Exercise details –
Exactly transcribe the line that holds "this 2048×1536 image." and every remaining line of the records, up to and including the final one, with nothing else.

Data for this task –

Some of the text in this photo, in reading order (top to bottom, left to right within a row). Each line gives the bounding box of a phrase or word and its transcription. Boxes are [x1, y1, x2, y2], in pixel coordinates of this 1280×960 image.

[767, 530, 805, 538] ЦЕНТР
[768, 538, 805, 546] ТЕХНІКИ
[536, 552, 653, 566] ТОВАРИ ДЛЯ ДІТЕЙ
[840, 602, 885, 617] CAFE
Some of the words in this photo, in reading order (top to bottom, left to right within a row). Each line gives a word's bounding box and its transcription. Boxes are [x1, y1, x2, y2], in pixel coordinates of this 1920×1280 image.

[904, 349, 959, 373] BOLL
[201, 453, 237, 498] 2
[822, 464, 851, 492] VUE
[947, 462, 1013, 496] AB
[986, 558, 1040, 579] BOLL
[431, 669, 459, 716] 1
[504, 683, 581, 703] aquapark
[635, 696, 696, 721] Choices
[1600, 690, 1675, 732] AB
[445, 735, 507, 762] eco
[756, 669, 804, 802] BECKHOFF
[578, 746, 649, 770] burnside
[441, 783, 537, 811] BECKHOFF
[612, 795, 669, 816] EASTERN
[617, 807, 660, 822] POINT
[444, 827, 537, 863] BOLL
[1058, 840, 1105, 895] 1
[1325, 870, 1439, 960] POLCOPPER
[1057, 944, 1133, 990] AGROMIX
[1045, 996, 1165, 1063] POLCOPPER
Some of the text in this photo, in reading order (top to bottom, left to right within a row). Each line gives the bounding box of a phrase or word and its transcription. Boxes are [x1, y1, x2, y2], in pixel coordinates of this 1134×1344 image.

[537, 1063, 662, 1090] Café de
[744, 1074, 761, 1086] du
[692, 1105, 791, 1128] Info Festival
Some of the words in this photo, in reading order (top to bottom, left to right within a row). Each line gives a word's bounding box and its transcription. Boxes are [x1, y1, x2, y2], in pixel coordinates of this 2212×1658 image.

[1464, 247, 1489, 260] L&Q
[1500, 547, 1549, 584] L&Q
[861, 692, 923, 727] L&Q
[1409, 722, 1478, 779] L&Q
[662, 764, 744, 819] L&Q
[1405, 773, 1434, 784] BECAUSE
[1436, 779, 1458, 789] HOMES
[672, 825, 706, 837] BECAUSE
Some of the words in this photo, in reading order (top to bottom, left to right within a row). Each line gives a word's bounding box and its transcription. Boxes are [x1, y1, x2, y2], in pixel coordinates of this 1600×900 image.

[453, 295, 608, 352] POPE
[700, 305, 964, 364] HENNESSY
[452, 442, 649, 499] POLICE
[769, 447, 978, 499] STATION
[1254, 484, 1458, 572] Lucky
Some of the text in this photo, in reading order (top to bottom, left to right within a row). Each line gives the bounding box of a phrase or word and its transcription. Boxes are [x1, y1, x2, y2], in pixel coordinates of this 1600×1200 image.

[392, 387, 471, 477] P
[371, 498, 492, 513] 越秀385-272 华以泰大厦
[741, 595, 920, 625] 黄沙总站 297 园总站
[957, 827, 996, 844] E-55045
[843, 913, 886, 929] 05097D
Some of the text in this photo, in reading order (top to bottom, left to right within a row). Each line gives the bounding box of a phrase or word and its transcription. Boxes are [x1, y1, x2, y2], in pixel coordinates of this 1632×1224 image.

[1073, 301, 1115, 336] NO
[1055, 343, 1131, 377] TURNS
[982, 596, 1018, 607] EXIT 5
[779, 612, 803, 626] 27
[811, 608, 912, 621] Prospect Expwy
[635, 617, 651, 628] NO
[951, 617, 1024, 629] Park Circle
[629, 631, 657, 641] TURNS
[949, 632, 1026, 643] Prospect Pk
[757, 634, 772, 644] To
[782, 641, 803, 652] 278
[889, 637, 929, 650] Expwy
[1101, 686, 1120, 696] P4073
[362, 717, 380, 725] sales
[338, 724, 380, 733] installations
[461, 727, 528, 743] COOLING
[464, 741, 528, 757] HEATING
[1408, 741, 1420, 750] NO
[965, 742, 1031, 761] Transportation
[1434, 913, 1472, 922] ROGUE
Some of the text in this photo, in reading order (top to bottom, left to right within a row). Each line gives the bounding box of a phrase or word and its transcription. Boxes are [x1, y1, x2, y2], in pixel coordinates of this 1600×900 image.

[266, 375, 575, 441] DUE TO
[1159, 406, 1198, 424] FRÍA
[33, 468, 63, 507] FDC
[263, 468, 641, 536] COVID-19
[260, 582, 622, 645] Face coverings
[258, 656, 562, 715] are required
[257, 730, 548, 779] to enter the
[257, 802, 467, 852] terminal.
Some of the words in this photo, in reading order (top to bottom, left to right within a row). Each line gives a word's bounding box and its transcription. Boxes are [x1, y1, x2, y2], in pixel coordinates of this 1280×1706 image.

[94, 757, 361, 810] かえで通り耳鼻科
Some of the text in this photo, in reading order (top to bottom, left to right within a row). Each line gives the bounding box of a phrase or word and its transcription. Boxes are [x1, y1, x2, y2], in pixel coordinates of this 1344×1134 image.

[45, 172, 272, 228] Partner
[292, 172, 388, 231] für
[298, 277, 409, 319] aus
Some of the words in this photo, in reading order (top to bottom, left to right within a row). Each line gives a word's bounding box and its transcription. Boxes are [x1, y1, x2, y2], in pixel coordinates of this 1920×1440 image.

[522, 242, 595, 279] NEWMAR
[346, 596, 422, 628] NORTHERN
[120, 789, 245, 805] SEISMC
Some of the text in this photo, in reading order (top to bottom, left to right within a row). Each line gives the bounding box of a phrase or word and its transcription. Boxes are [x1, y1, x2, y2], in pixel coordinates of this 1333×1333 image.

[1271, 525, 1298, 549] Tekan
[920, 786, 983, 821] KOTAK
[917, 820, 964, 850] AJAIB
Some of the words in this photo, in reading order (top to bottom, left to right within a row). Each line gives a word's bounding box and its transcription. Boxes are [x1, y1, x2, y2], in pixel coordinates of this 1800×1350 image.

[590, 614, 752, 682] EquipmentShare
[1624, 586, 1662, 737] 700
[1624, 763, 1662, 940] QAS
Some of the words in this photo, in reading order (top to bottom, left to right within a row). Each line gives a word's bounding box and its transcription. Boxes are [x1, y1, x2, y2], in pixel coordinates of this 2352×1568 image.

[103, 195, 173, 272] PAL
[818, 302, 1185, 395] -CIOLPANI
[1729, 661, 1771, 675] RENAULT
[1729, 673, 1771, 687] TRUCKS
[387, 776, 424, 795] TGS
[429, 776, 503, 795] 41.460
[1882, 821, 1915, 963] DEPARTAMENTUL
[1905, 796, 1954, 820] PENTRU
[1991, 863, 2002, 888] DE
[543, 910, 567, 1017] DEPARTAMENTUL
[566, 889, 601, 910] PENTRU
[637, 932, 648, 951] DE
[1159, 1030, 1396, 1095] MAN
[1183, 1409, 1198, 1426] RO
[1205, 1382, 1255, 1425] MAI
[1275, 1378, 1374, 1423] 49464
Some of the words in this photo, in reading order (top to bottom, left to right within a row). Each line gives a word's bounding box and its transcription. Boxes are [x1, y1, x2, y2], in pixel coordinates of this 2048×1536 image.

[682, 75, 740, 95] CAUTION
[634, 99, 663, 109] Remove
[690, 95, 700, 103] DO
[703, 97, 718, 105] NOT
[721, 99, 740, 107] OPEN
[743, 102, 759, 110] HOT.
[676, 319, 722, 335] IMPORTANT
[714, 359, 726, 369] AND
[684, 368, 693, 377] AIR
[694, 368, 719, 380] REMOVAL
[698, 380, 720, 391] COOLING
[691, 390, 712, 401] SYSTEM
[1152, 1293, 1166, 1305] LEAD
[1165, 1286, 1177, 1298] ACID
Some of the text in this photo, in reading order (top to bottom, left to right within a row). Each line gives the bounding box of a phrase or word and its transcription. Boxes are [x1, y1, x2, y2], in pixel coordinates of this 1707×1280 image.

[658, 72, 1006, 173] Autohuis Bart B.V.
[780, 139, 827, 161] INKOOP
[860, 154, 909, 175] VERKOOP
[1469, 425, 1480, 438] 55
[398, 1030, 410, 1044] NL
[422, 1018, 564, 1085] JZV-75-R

Response to this exercise –
Some of the words in this photo, in reading order (top to bottom, left to right within a row). Each line gives a word's bounding box and its transcription. Boxes are [x1, y1, x2, y2], in pixel coordinates of this 2048×1536 image.

[682, 75, 740, 95] CAUTION
[634, 99, 663, 109] Remove
[690, 95, 700, 103] DO
[703, 97, 718, 105] NOT
[721, 99, 740, 107] OPEN
[743, 102, 759, 110] HOT.
[676, 319, 722, 335] IMPORTANT
[714, 359, 726, 369] AND
[684, 368, 693, 377] AIR
[694, 368, 719, 380] REMOVAL
[698, 380, 720, 391] COOLING
[691, 390, 712, 401] SYSTEM
[1152, 1293, 1166, 1305] LEAD
[1165, 1286, 1177, 1298] ACID
Some of the text in this photo, in reading order (top to bottom, left to right within a row). Each line gives the bounding box of a phrase or word and its transcription. Boxes are [x1, y1, x2, y2], in pixel coordinates of this 1707×1280 image.

[658, 72, 1006, 173] Autohuis Bart B.V.
[780, 139, 827, 161] INKOOP
[860, 154, 909, 175] VERKOOP
[1469, 425, 1480, 438] 55
[398, 1030, 410, 1044] NL
[422, 1018, 564, 1085] JZV-75-R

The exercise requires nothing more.